11 Comments on "Greenlight: Sunday was a sad day for the Service Employees International Union 1000"

  1. Public employee unions, the bane of California. Lot that in with an impossible and wholly unstainable retirement and pension system, California is truly CalUnicornia. Time to live in the real world.

  2. Brown had two opportunities to hold SEIU Local 1000 Board Meetings, however, what the dues paying members got was his mentally warped version of Festivus. He aired his grievances AND he never called the meeting to order thus continuing to violate Policy File. He is a credible threat to organized labor, because of his on going actions/deeds. He should resign – but voices he listens to (real or imaginary) won’t let him. I’m looking forward to 2022 when he is no longer the leader of SEIU Local 1000, is stripped of his stewardship, and most importantly stripped his membership.

  3. Richard Brown won the election fair and square. If the members don’t like him, they can vote him out next election. When you look at the outlandish spending (and gifts) by the former officers, it is a sickening waste of member dues monies.

    If SEIU Local 1000 implodes, it is a cumulative effect of decisions over the last five years.
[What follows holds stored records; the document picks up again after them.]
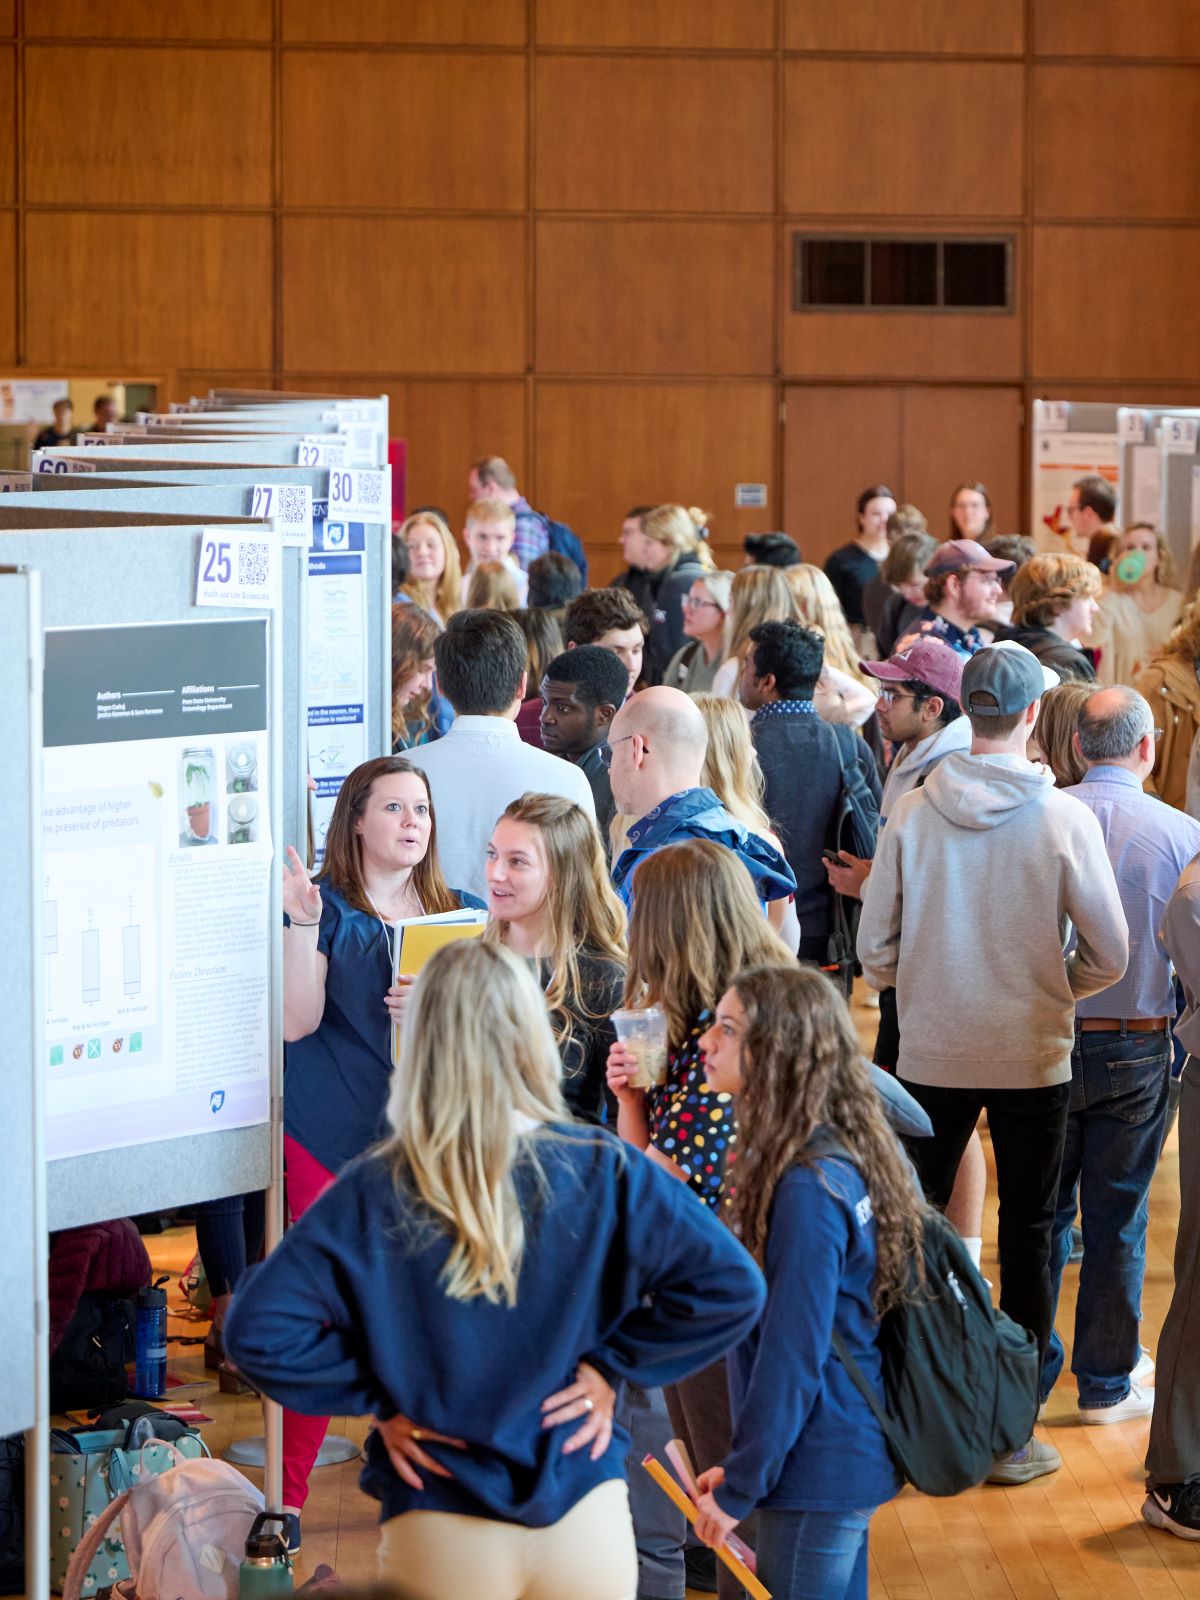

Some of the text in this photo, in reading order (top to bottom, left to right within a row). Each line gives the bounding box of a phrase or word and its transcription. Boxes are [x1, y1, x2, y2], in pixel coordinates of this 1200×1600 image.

[1172, 422, 1181, 440] 5
[332, 472, 352, 502] 30
[254, 487, 273, 517] 27
[203, 541, 231, 583] 25
[231, 591, 240, 600] Life
[242, 591, 270, 601] Sciences
[97, 691, 122, 700] Authors
[181, 685, 215, 695] Affiliations
[55, 804, 97, 819] advantage
[98, 801, 107, 813] of
[107, 800, 132, 814] higher
[55, 820, 91, 835] presence
[92, 819, 101, 830] of
[102, 816, 140, 831] predators
[194, 965, 227, 977] Direction
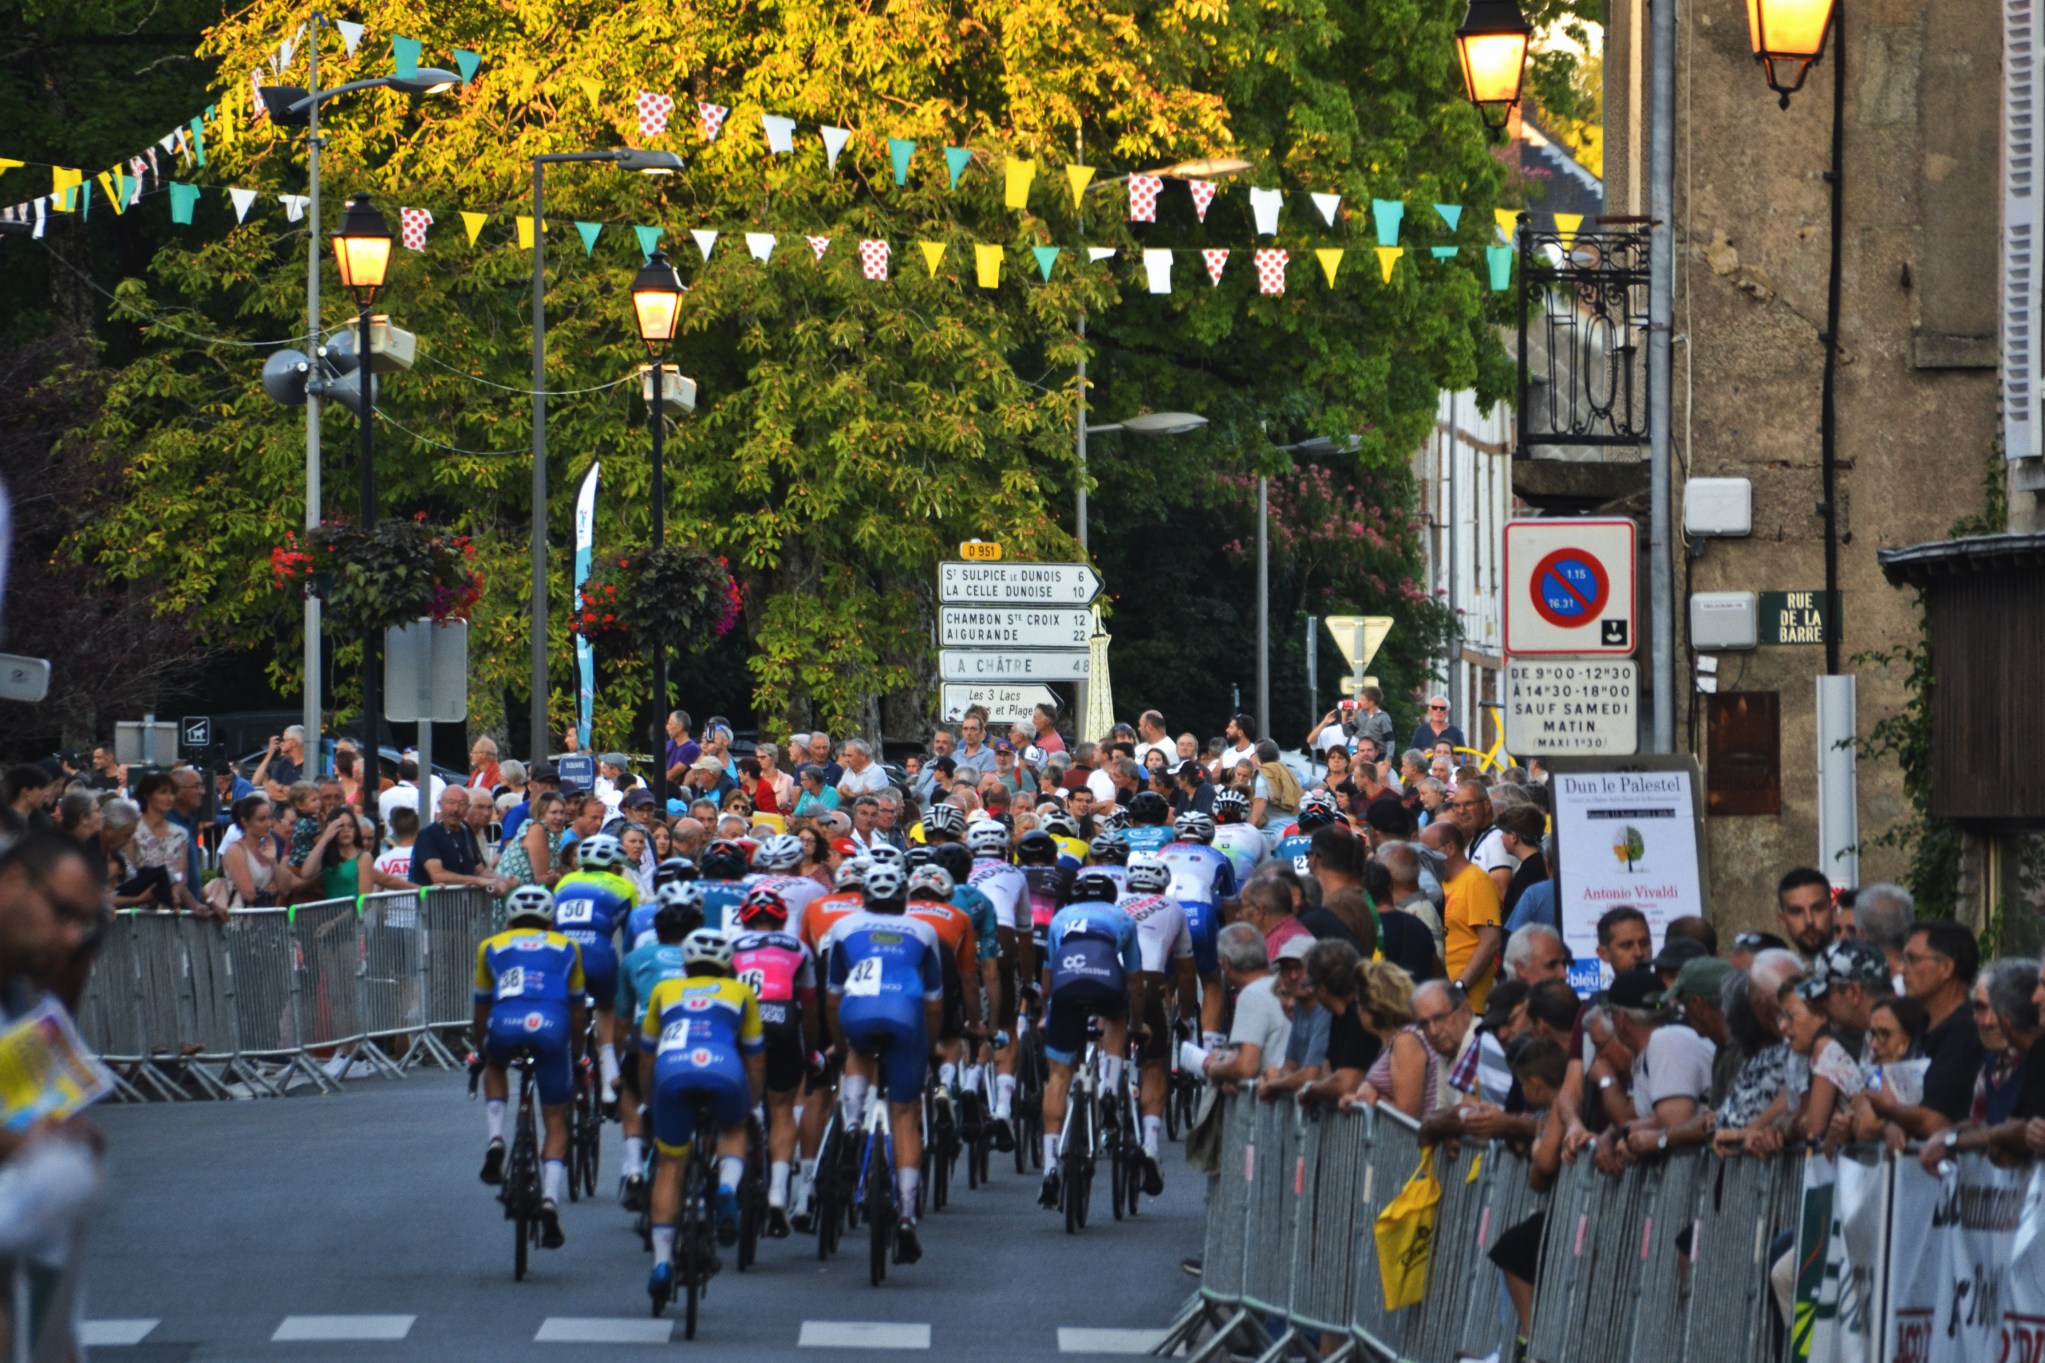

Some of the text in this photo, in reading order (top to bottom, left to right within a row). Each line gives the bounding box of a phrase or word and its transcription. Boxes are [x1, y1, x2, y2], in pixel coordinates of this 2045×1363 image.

[968, 545, 995, 557] D 951
[962, 569, 1007, 582] SULPICE
[1021, 570, 1062, 583] DUNOIS
[1077, 571, 1085, 583] 6
[1567, 568, 1587, 580] 1.15
[946, 584, 1086, 599] LA CELLE DUNOISE 10
[1787, 592, 1813, 609] RUE
[946, 612, 1001, 626] CHAMBON
[1027, 614, 1061, 627] CROIX
[1073, 614, 1086, 626] 12
[1780, 609, 1822, 626] DE LA
[946, 628, 1086, 642] AIGURANDE 22
[1780, 626, 1822, 643] BARRE
[976, 656, 1033, 673] CHÂTRE
[1511, 668, 1529, 680] DE
[969, 688, 1021, 702] Les 3 Lacs
[1513, 682, 1521, 698] À
[995, 705, 1005, 717] et
[1515, 702, 1629, 715] SAUF SAMEDI
[1543, 720, 1596, 733] MATIN
[1564, 775, 1681, 794] Dun le Palestel
[1583, 884, 1679, 901] Antonio Vivaldi
[564, 900, 586, 918] 50
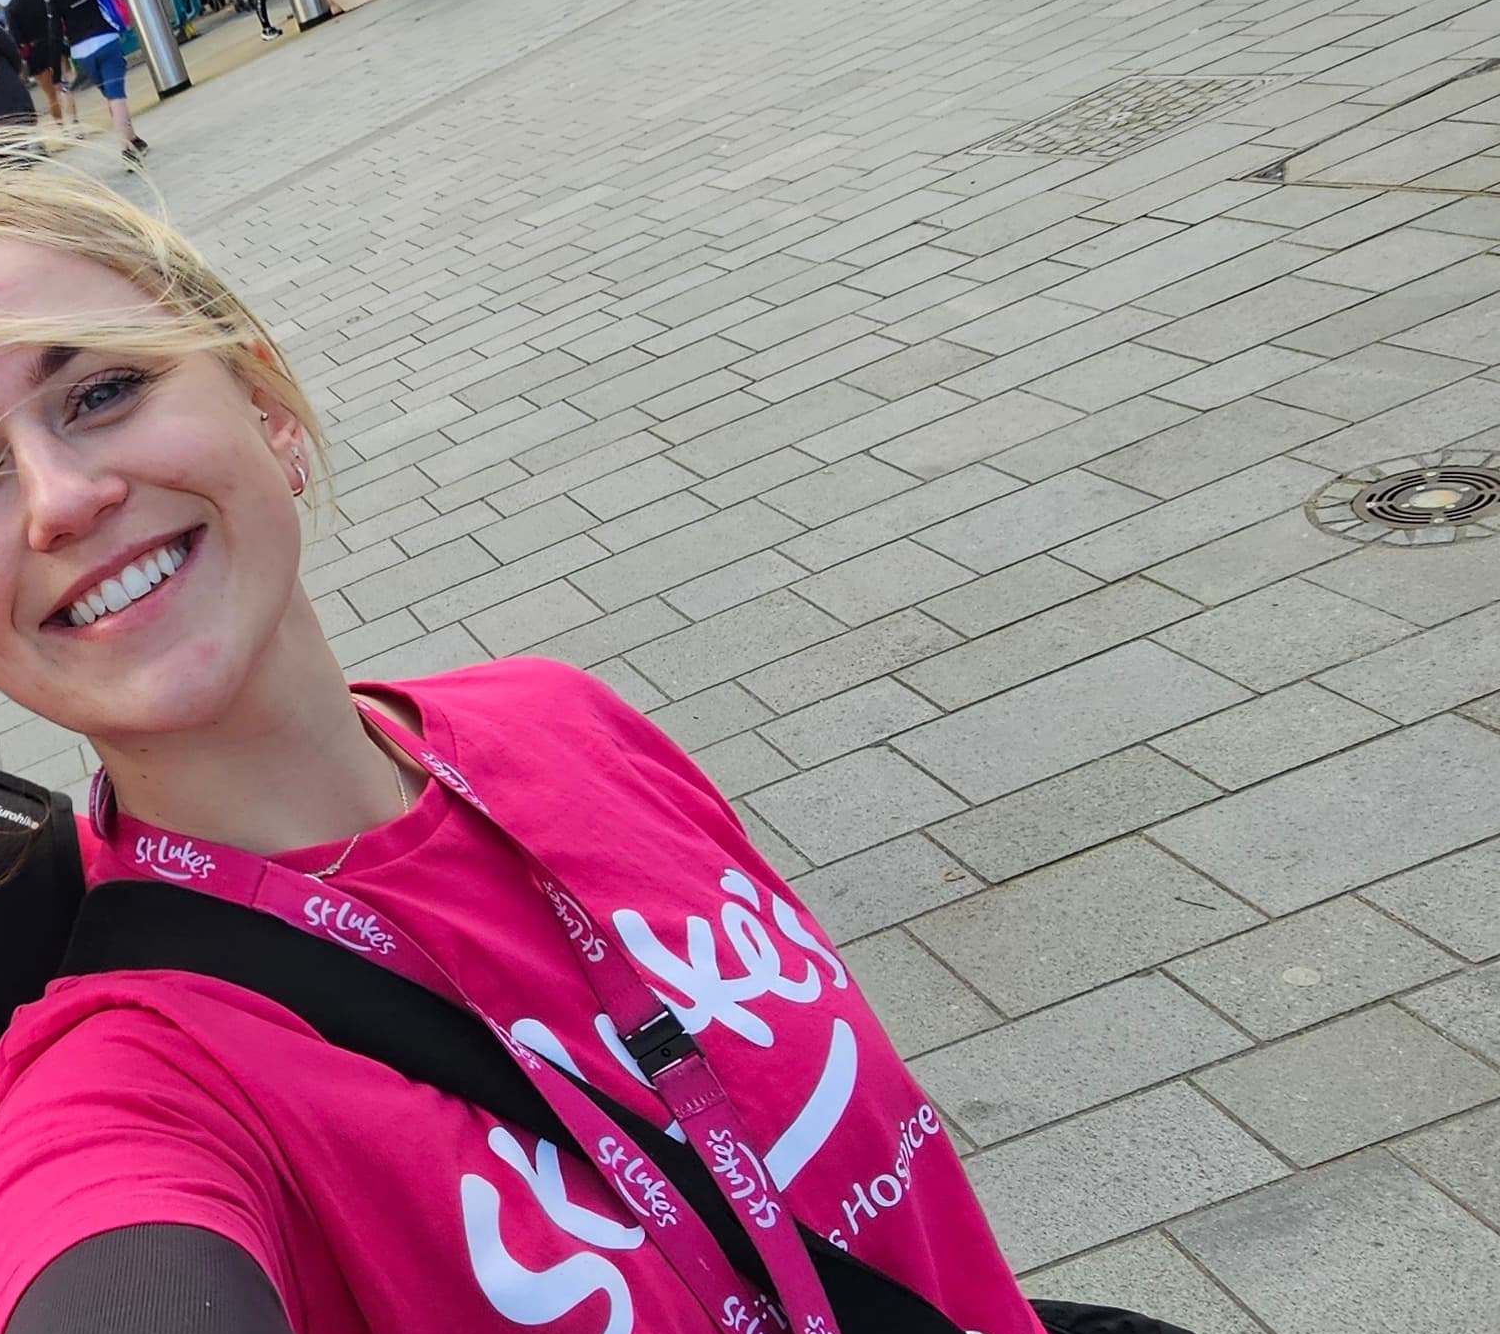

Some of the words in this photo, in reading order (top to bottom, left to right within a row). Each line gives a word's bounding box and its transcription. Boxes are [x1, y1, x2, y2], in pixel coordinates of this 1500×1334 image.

Members wanted a change, let them have it.

  4. Perhaps instead of the recent, democratically elected President resigning, the Board of Directors could accept new leadership and a new vision for the union. It may be time for the Union to go to work for the employees they represent. Perhaps the low turn out in the election was due to political fatigue.

  5. It was not a sad day for SEIU local 1000 members at all as the article indicates. On the other hand it was a great day for the members because President Richard L Brown listens & represents the Union members interest.
    The local 1000 members wanted CHANGE that’s the reason president Brown was elected. The former president Walker did not listen, care nor represented the members interest. I disagree with president Walker’s fraudulent spending with members dues money.

  6. “…possible violence at the union meeting after Brown urged members to come armed to the meeting.” Brown is a convicted felon associated with a Glock handgun. That, combined with his status as having paranoid schizophrenia running in his family, makes for a volatile situation. For the people who say he won the election and we should all just unite under his leadership, it’s up to him now, as the party of the first part, to convince the members there is a path to unity and that he is fit for the job. Unfortunately, he divides instead, so there will always be those on the other side.

  7. Let’s be real, the man keeps talking about this presidency being his divine destiny, dreams from angels, and numerology. Paying attention to just the 6 months of his presidency, what has he accomplished? Besides violating the policy file by not calling a Board of Directors meeting? He spends more energy grandstanding than leading.

  8. 1 of the 65 board members | December 22, 2021 at 6:51 pm | Reply

    Why would they publish lies like this.

  9. Published lies? Nah… I’m a long-time job steward and witness to this stuff. The article got it 90% right. I’ve known RL Brown for years. He informed everyone last weekend that schizophrenia runs in his family. That explains why I wondered about his rambling answers to my questions years ago…the answers were unrelated and made no sense.

  10. What has he accomplished? He’s opened up everything to the public. Local 1000 is now transparent.

  11. As a long-time SEIU member, I was grateful to Yvonne Walker and her negotiating team for continuing to secure wage and benefit increases (or hold the line) each time our contract was up. At the same time, I became fed up with the arrogance of her team and Walker in particular. Most folks don’t remember she got her hand caught in the cookie jar re: travel expenses, etc. So, I was happy to see regime change. President Brown is an unmitigated disaster. And this last Board meeting is a glaring example of his megalomania and authoritarian tendencies. The next election can’t come soon enough!